Review: Darkstar, News from Nowhere

Darkstar’s News from Nowhere is a wonderfully lush but ultimately rudderless slice of droning electronica.

Darkstar, News from NowhereBritish electronic trio Darkstar isn’t in a hurry to go anywhere in particular on their sophomore effort, News from Nowhere. The album is a slugglishly paced, purgatorial mix of Animal Collective-style sequencing and the eerie, formless minimalism of The King of Limbs-era Radiohead. More often than not, that combination leads the band inside a drifting cloud of ambient, overripe electronica that’s as beautiful as it is frustrating and forgettable, making for a pretty but ultimately unremarkable listening experience.

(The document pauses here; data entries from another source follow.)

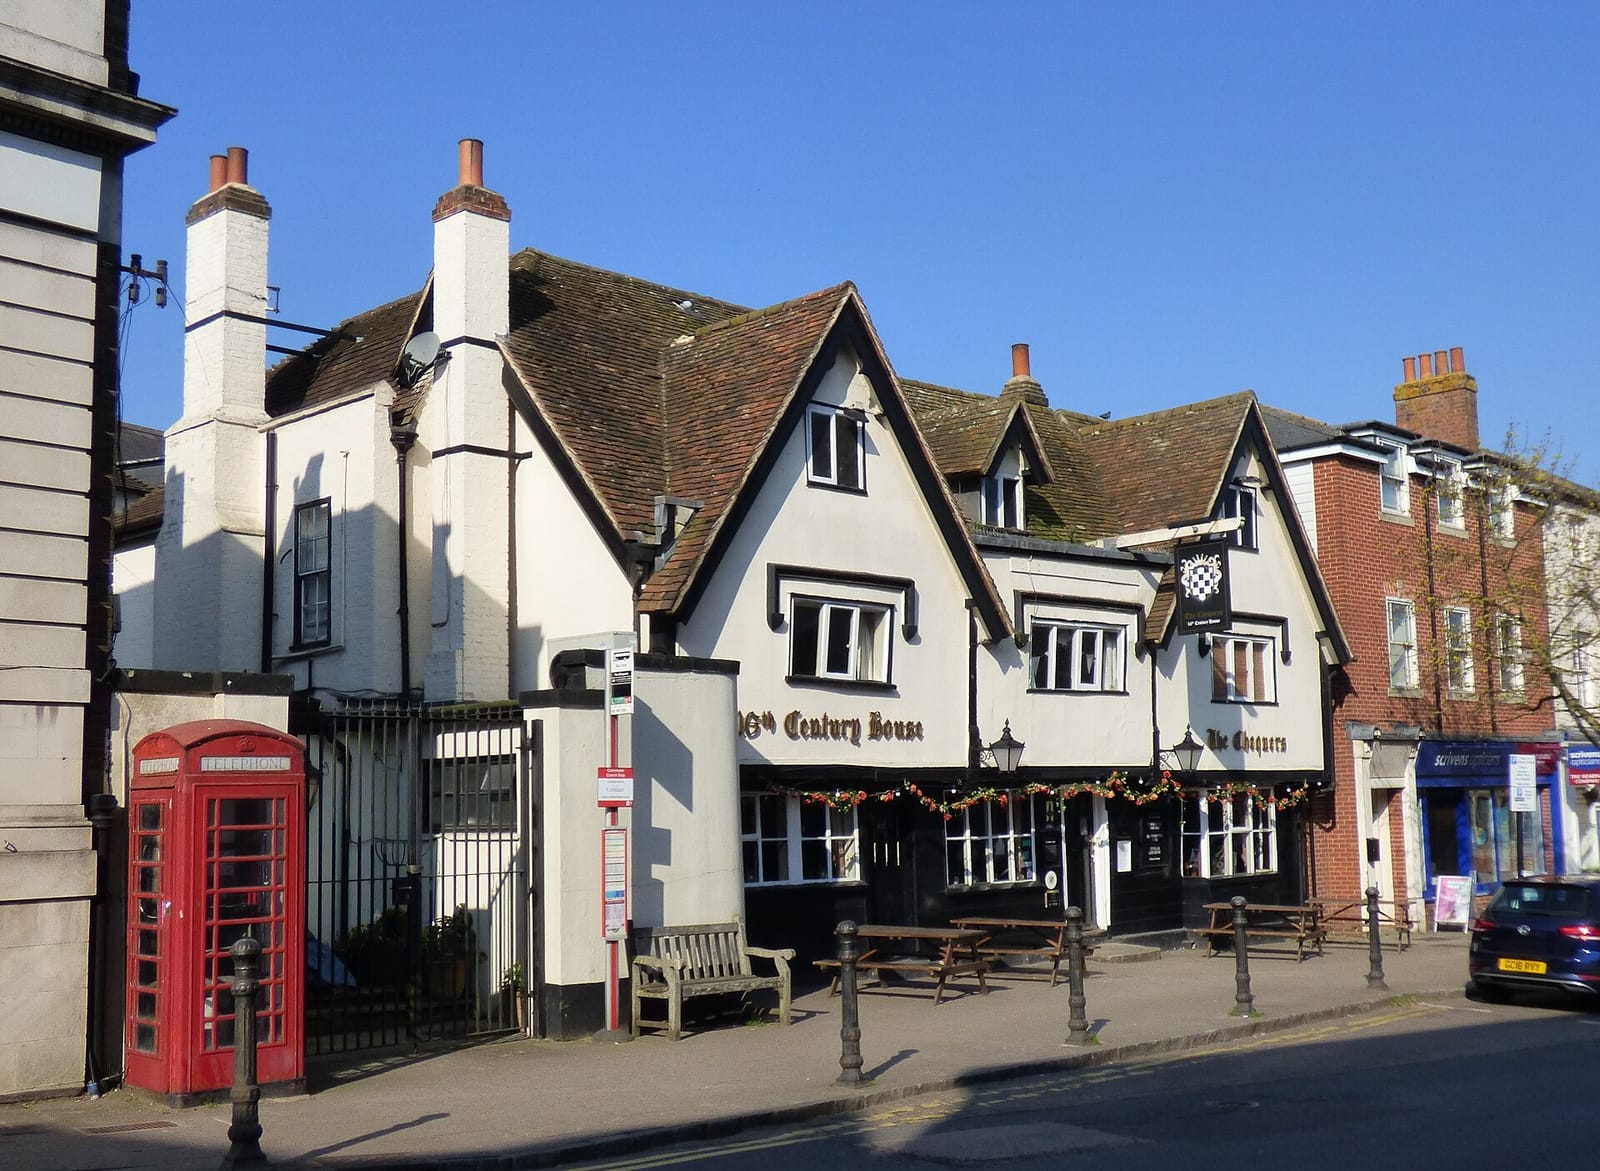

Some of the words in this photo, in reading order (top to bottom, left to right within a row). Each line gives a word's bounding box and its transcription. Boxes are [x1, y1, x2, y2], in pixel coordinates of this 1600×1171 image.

[783, 710, 862, 748] Century
[867, 711, 925, 742] House
[1232, 730, 1287, 759] Chequers
[202, 758, 287, 770] TELEPHONE
[1434, 751, 1470, 767] scrivens

Darkstar has an ear for detail that’s been carried over from their harder-edged and more percussive 2010 debut, North. On News from Nowhere, the band strikes a paradoxical balance, maintaining an organic allure despite the obvious amounts of programming and tinkering that’s necessary to facilitate their shapeless music. The album is almost silky as a result, methodically layered and plotted without ever sounding calculating. It’s the reason why something like “Light Body Clock Starter” can unfold as naturally and gracefully as a slowly blooming flower: Borrowing the metallic sheets of sound that open up Björk’s “All Is Full of Love,” the track is a triumph of lavish, formless synths coalescing behind vocalist James Buttery’s tight-lipped moans.

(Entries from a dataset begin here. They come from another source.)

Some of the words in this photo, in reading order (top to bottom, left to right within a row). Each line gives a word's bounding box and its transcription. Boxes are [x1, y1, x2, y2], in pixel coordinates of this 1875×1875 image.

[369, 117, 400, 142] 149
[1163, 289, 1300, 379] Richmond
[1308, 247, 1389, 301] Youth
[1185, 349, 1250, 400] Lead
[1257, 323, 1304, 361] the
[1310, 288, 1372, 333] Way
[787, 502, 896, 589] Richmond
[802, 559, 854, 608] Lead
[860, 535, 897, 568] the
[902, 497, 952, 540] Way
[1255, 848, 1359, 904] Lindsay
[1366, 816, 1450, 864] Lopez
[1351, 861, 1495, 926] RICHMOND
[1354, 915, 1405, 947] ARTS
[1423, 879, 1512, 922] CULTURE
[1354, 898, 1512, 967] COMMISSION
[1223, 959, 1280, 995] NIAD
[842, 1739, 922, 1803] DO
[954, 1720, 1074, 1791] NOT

And yet the similarities between “Light Body Clock Starter” and the Björk classic provides insight into one of News from Nowhere’s biggest flaws. For all of its playful, ambrosial qualities, the album is desperately hungry for ideas, and with the members of Darkstar often focused on trivial electronic minutiae, those ideas tend to be borrowed from the band’s easily identified muses. One track (”-”), built on hazy reverb and reversed vocal samples, is strangely analogous to Radiohead’s “Lotus Flower,” particularly with singer James Buttery doing his damnedest to impersonate Thom Yorke’s high vocal register. Elsewhere, “Amplified Ease” features the kind of rapid-fire chanting and lo-fi sampling perfected by any number of tracks on Animal Collective’s Merriweather Post Pavilion, particularly “Lion in a Coma” and “Brother Sport.”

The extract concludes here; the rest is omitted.